Total cost to me, excluding things I didn't purpose buy for this costume: £13.75

My mum made a crumble, so I posed with that too. Because my mum makes good crumble.

So that was my costume.

You can't have Halloween without Jack O Lanterns. If you don't have some kind of carved vegetable by outside your door, your house will become infested with evil spirits. FACT.

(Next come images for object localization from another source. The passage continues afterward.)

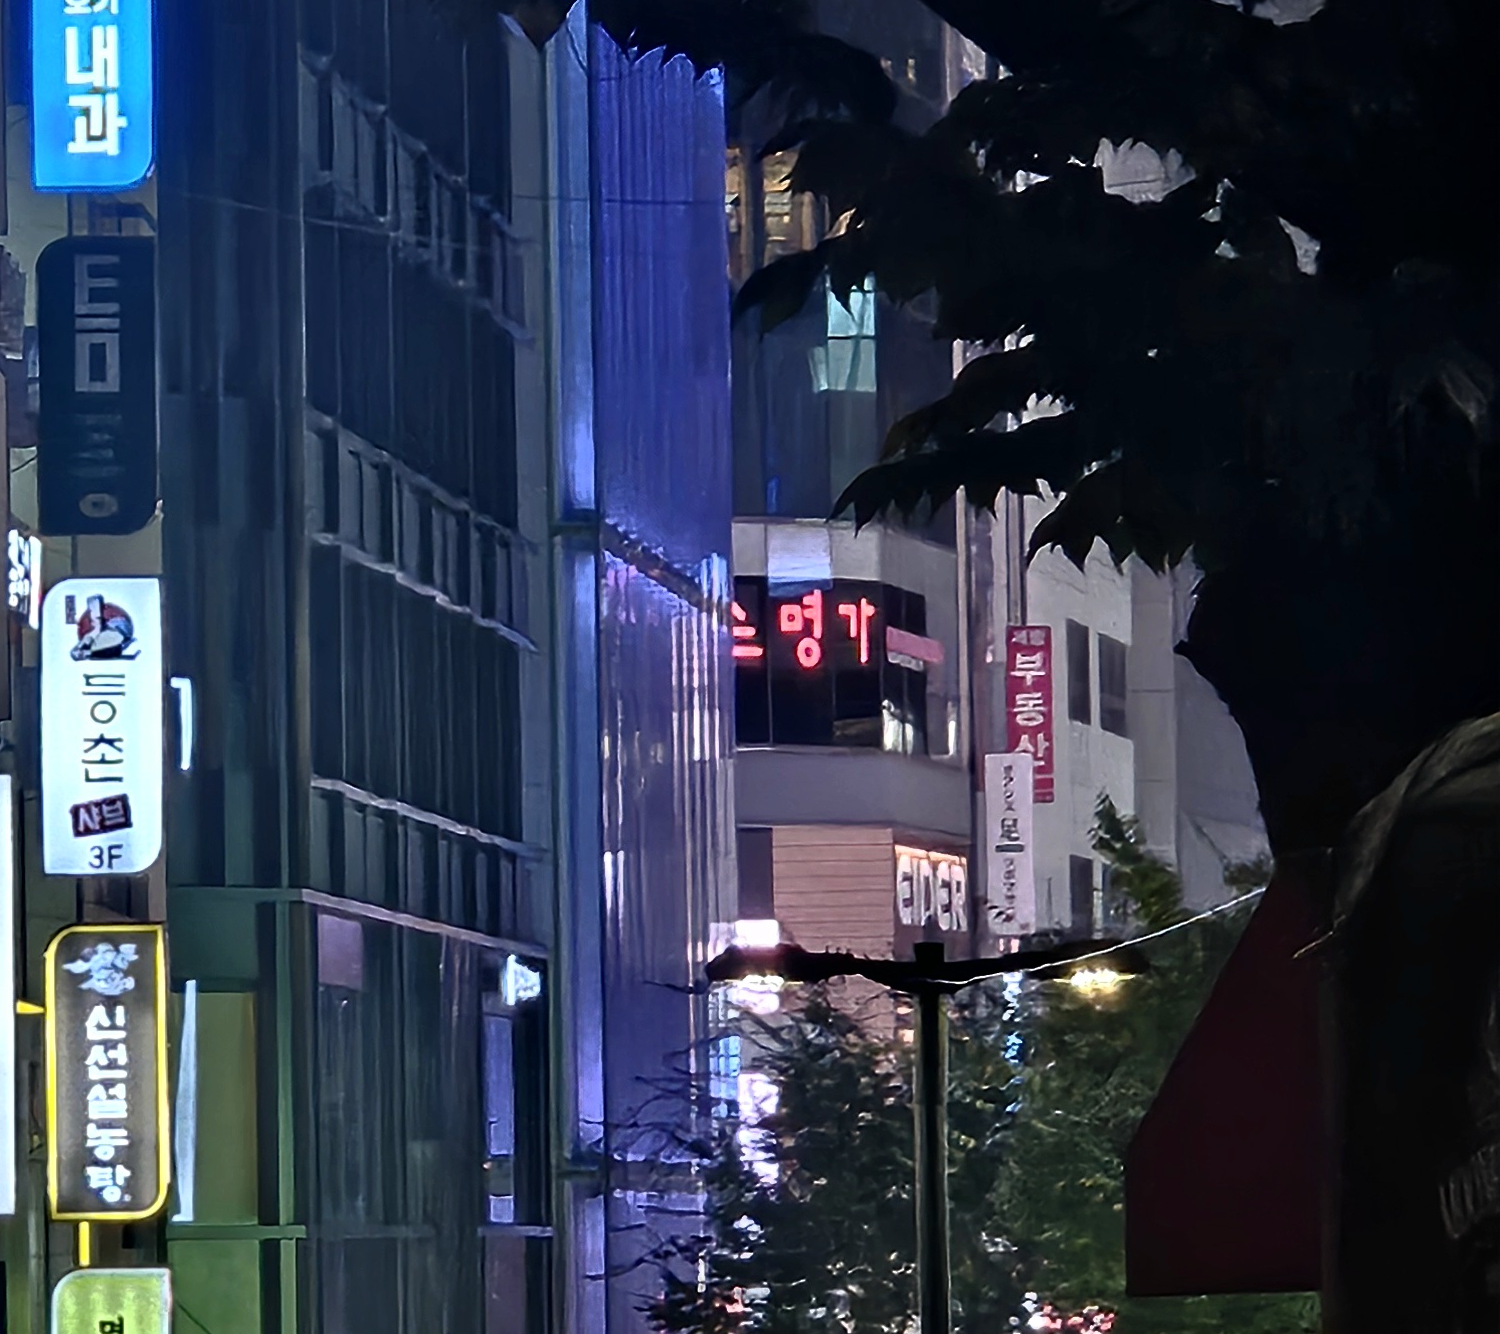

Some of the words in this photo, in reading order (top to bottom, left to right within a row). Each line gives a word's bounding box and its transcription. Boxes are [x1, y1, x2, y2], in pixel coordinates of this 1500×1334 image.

[65, 25, 127, 155] 내과
[82, 673, 125, 783] 등촌
[1010, 652, 1049, 766] 부동산
[78, 800, 126, 832] 샤브
[88, 844, 123, 869] 3F
[85, 1002, 131, 1202] 신선설농탕
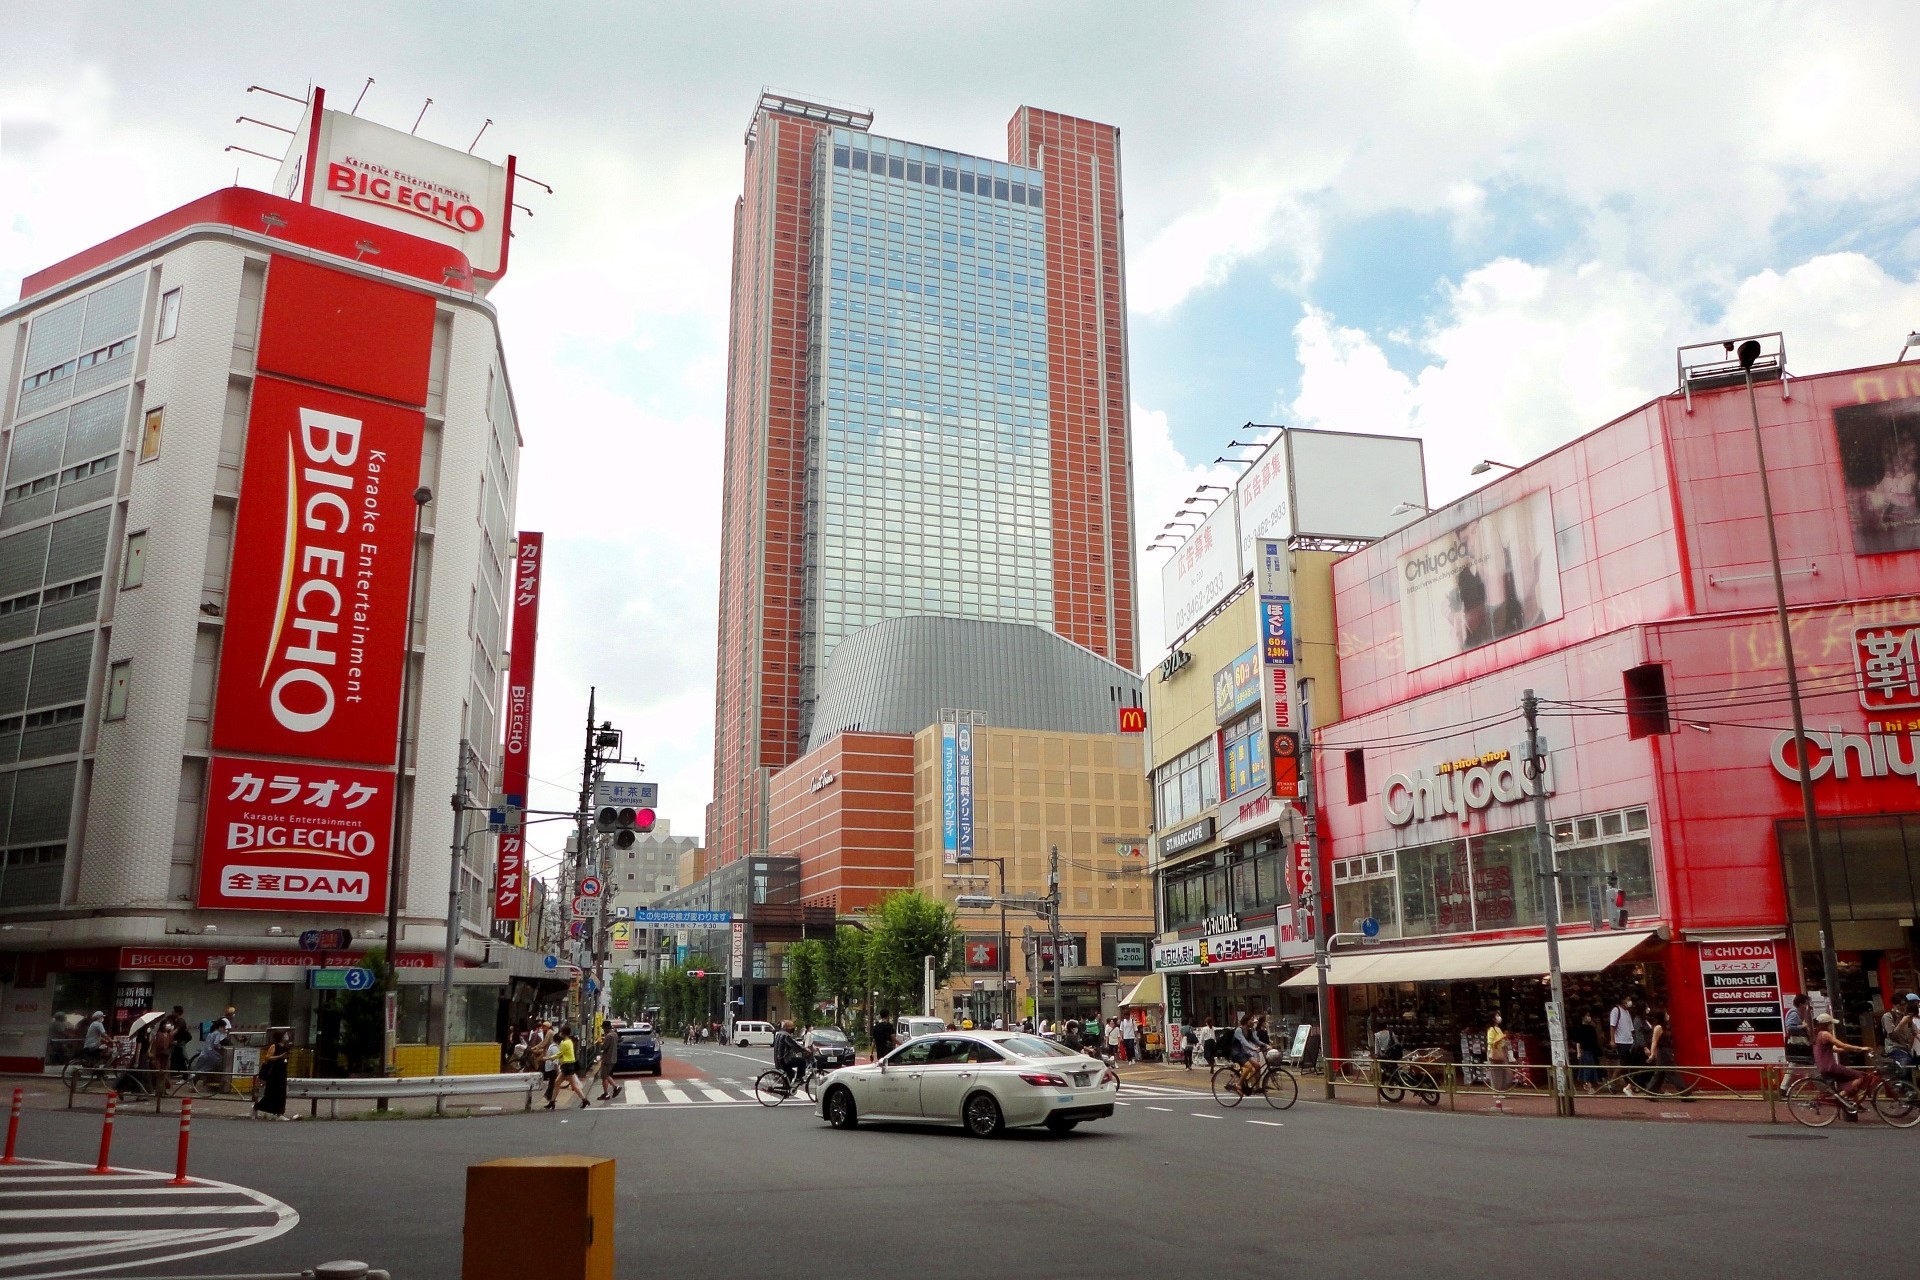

This year I made two, because I couldn't resist carving up a tiny green pumpkin that had been knocking round our fridge for a while. I like to collect the seeds and the flesh for eating.
This is my method for carving a bigger pumpkin:
  1. Lay out your tools and materials. You will need a big knife, bowls for the pumpkin innards, and an ice cream scoop.
  2. Cut the lid in a zig-zag shape, to create a lid that can only fit in a specific way.
  3. Pull the lid off, scrape the pulp off into one bowl, and cut the pumpkin flesh from the lid into another bowl. Drag as much of the pulp and seeds as you can out into a bowl.
  4. Score the inside of the pumpkin with your knife then reach in with your ice cream scoop and scrape out as much flesh as you can.
  5. Put the lid back on, score your design on the outside of the pumpkin, then get to work carving out your spoooooooooky faaaaaaaaace.

The tiny one was actually really easy to do, it was so small that I scooped out all the insides in one twist of the ice cream scoop.

Monster cat didn't seem that scared though.